Roosevelt wanted to send tanks to the British right away. Chrysler said, “Yeah, we’ll do it,” and it took them a little over six months. There’s five 251 cubic inch, flathead Dodge six cylinder truck engines [total 1253 cid]. The biggest thing was the design and development of the casting, that married everything, it must be huge and heavy.
There’s an awful lot of hand work on that, all the welded manifolding and stuff, and you’ll see that it has five, independent carburetors and five distributors. It has five vibration dampers on the front end of each crank shaft, and on the back, it has a big set of spur gears, each pinion having an overrunning clutch, so if you lose an engine, you don’t hold back the other four. [This particular engine was discovered in Argentina and restored by Chrysler.]
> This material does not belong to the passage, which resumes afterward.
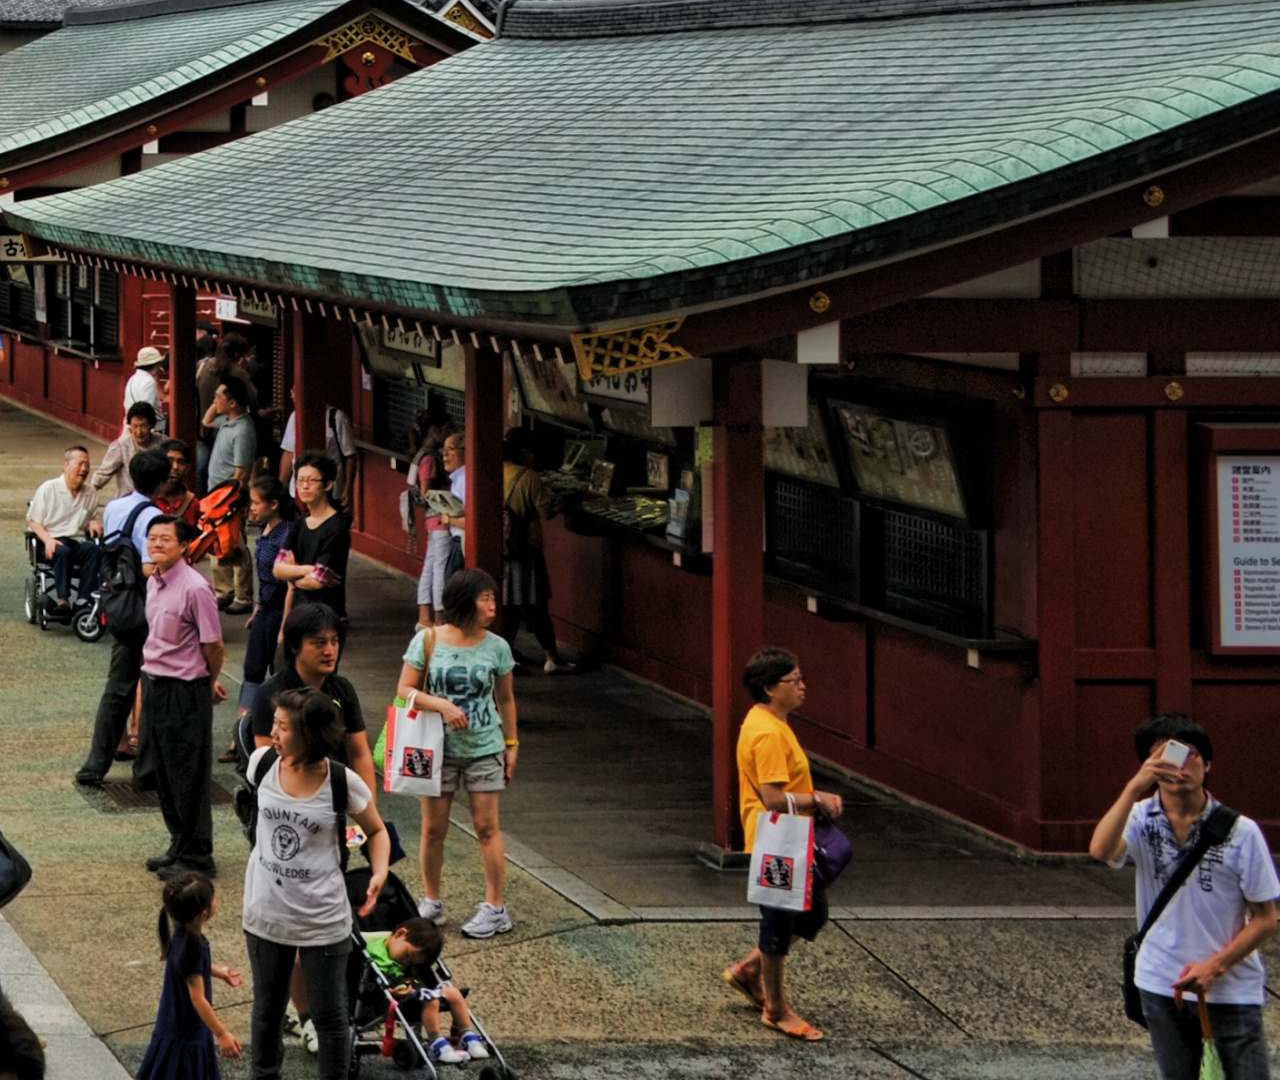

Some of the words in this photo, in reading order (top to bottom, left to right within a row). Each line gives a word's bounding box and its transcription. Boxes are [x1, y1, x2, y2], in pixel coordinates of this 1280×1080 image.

[1233, 557, 1258, 566] Guide
[1260, 557, 1269, 566] to
[264, 807, 324, 836] OUNTAIN
The government wanted 500 horsepower, and Chrysler asked, “These are 90 horsepower engines, will you accept 450”? They didn’t have much choice, because nobody else took them up on the job. We built 7,500 tanks with that engine in them, plus a huge number of spares. It was just one of the small jobs we did during World War II, and the next one is kind of small, almost insignificant.
It’s an inverted V16, with two valve, Hemi combustion chambers. Chrysler’s first experience with the hemispherical combustion chamber. If you look at a cutaway of this engine next to one of the 1951 New Yorker Engine, you’d think they were brothers, except these were upside down. Maybe it was so they could mount a couple of cannons in the nose; the Messerschmitts had nose cannons and they were also an inverted V.
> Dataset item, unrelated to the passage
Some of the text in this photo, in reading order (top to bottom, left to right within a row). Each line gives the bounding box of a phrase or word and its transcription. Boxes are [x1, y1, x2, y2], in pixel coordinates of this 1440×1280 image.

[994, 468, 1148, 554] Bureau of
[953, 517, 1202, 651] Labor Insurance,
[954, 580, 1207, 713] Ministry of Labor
This had all the bells and whistles, fork and blade connecting rods and the big gear tower in the middle, driving the camshafts, driving the output shaft, which drove the magnetos back there, and the propeller… there were only about six of them that ever existed. It was purely a development program.
They hit their power target at 2500, with 2200 cubic inches, and that was 1944. We were already having ME262 jets shooting down our bombers, and for all concerned, it was a total waste of further time and money. But Chrysler, being mainly concerned with engineering, paid Republic Aviation to finish their flight test program in the P47. They learned a lot, and a lot of the guys involved in that, went on to greater things.
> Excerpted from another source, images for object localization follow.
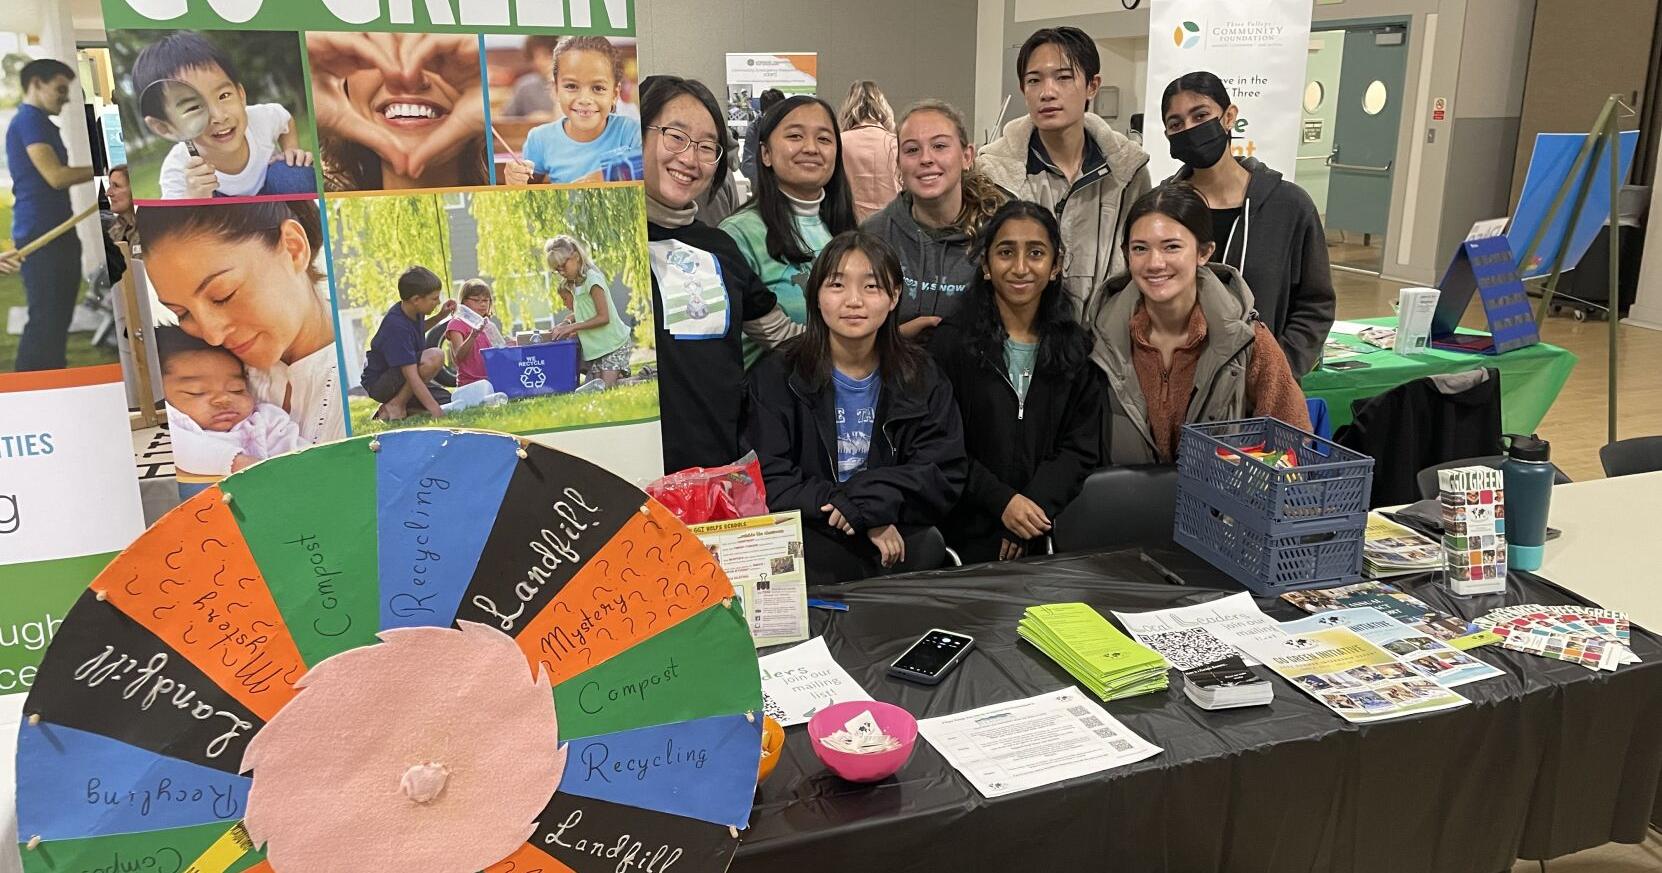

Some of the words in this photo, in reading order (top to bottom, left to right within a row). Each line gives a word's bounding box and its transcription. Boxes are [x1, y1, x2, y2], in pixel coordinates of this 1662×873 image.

[1212, 26, 1283, 35] COMMUNITY
[1237, 76, 1247, 85] in
[1251, 75, 1268, 85] the
[1232, 88, 1261, 97] Three
[1234, 118, 1249, 133] e
[518, 359, 545, 367] RECYCLE
[1469, 469, 1504, 491] GREEN
[388, 475, 450, 622] Recycling
[286, 534, 352, 637] Compost
[1168, 608, 1251, 628] Leaders
[1584, 605, 1629, 620] GREEN
[540, 594, 629, 663] Mystery
[192, 590, 282, 694] Mystery
[1286, 652, 1320, 663] GREEN
[1315, 644, 1366, 660] INITIATIVE
[810, 668, 832, 679] our
[578, 661, 680, 715] Compost
[791, 677, 842, 693] mailing
[73, 645, 253, 758] Landfill
[580, 739, 708, 783] Recycling
[544, 809, 683, 873] Landfill
[82, 847, 182, 873] Comp
There’s your charge cooler and there’s your compressor; it was designed to have a turbo. General Electric made the turbocharger and they were unwilling or unable to expand their capacity. The Army apparently had first choice of the turbochargers because Navy planes supposedly didn’t have to fly at high altitude. The Army, with a limited supply of turbochargers, gave them to the B-17, the B-24, heavy bombers; and for fighters, the P-47 with the Pratt & Whitney R2800, and P38 with the Allison V-1710.
Everybody that doesn’t know what the hell he’s talking about thought the [Rolls Royce] Merlin was the best engine in the War, and that is nonsense! The best engine in the War was the Pratt & Whitney R2800. The Corsair and the Hellcat follows the P47. The Douglas A26, the Martin B26, the Curtis Commando that flew the hump, they all had our R2800s. They’re all great airplanes.
The Curtis P40 and the Bell P39 were left out in the cold without turbos. They had just one little compressor, like this one, so they weren’t any good above 15,000 feet. The Russians loved them. The Russians were fighting the Germans, the Germans didn’t go high either, until they started trying to shoot down B17s, but that was a development program, too, for them.
The Allison was the outstanding liquid cooled engine of World War II, as far as I’m concerned. The Merlin was a great engine. It was hugely survivable, and was reliable. It ran under huge amounts of boost. The British were the only people that really understood mechanically driven supercharges. They had two stage, which meant two separate compressors with a cooler in between, which is why you call it an intercooler.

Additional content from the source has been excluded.